» DATA RECORDS
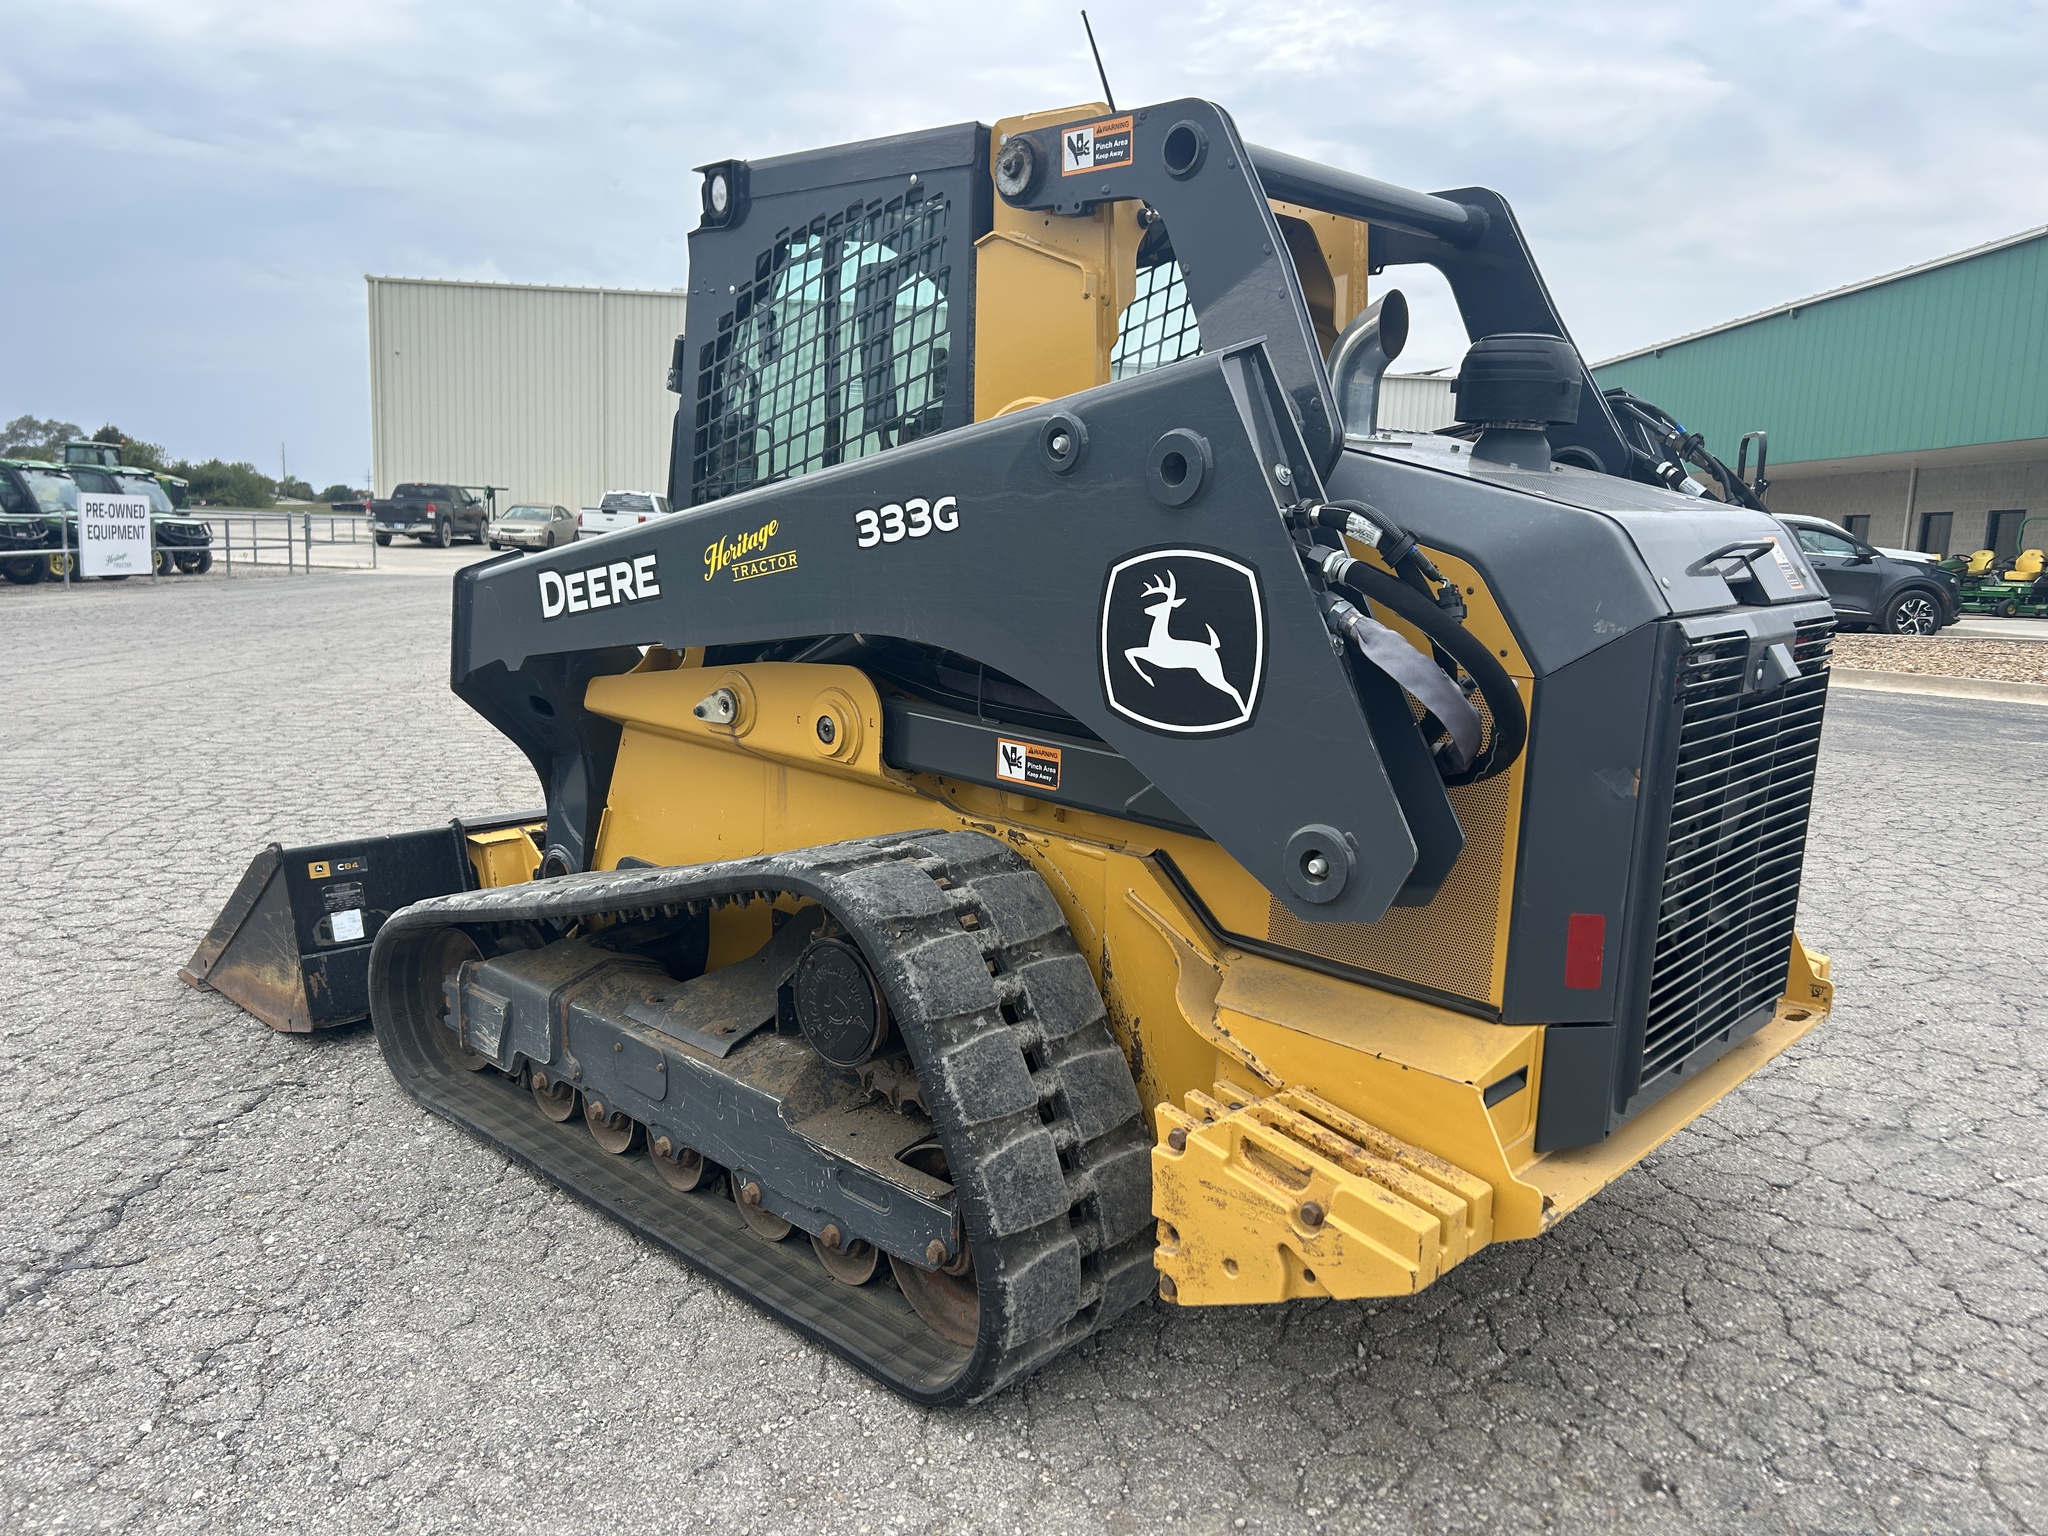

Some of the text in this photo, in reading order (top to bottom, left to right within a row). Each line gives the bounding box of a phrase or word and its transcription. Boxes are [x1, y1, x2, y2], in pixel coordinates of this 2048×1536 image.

[1102, 120, 1130, 133] WARNING
[1095, 139, 1129, 151] Pinch Area
[1109, 150, 1124, 158] Away
[85, 502, 146, 520] PRE-OWNED
[855, 496, 959, 547] 333G
[87, 524, 146, 541] EQUIPMENT
[704, 519, 779, 581] Heritage
[731, 553, 798, 578] TRACTOR
[538, 554, 660, 618] DEERE
[1032, 749, 1058, 759] WARNING
[1027, 761, 1057, 774] Pinch Area
[337, 862, 359, 871] C84
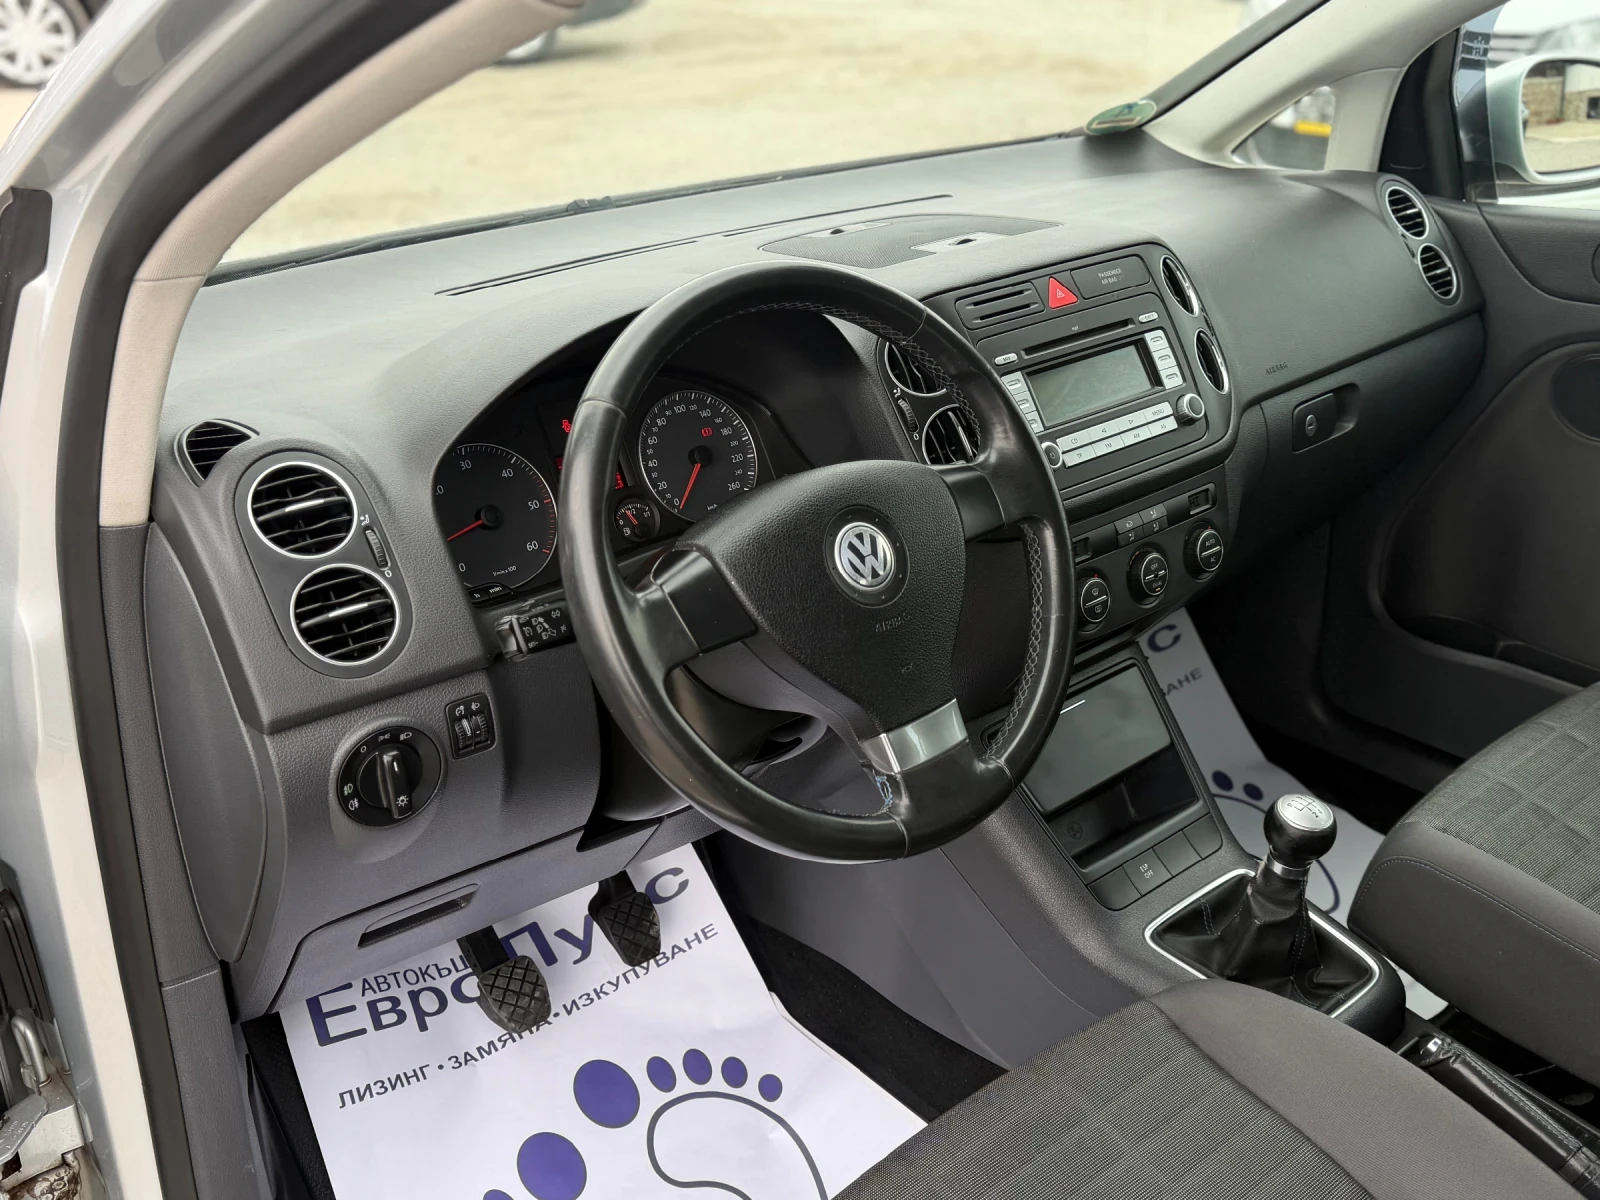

» WORK REQUIRED
Each entry is to be transcribed verbatim, and any picture in it is to be skipped.

» SOLVED PROBLEM
Some of the text in this photo, in reading order (top to bottom, left to right within a row). Each line gives the bounding box of a phrase or word and its transcription. Boxes are [x1, y1, x2, y2], in pixel coordinates of this 2048×1536 image.

[1102, 120, 1130, 133] WARNING
[1095, 139, 1129, 151] Pinch Area
[1109, 150, 1124, 158] Away
[85, 502, 146, 520] PRE-OWNED
[855, 496, 959, 547] 333G
[87, 524, 146, 541] EQUIPMENT
[704, 519, 779, 581] Heritage
[731, 553, 798, 578] TRACTOR
[538, 554, 660, 618] DEERE
[1032, 749, 1058, 759] WARNING
[1027, 761, 1057, 774] Pinch Area
[337, 862, 359, 871] C84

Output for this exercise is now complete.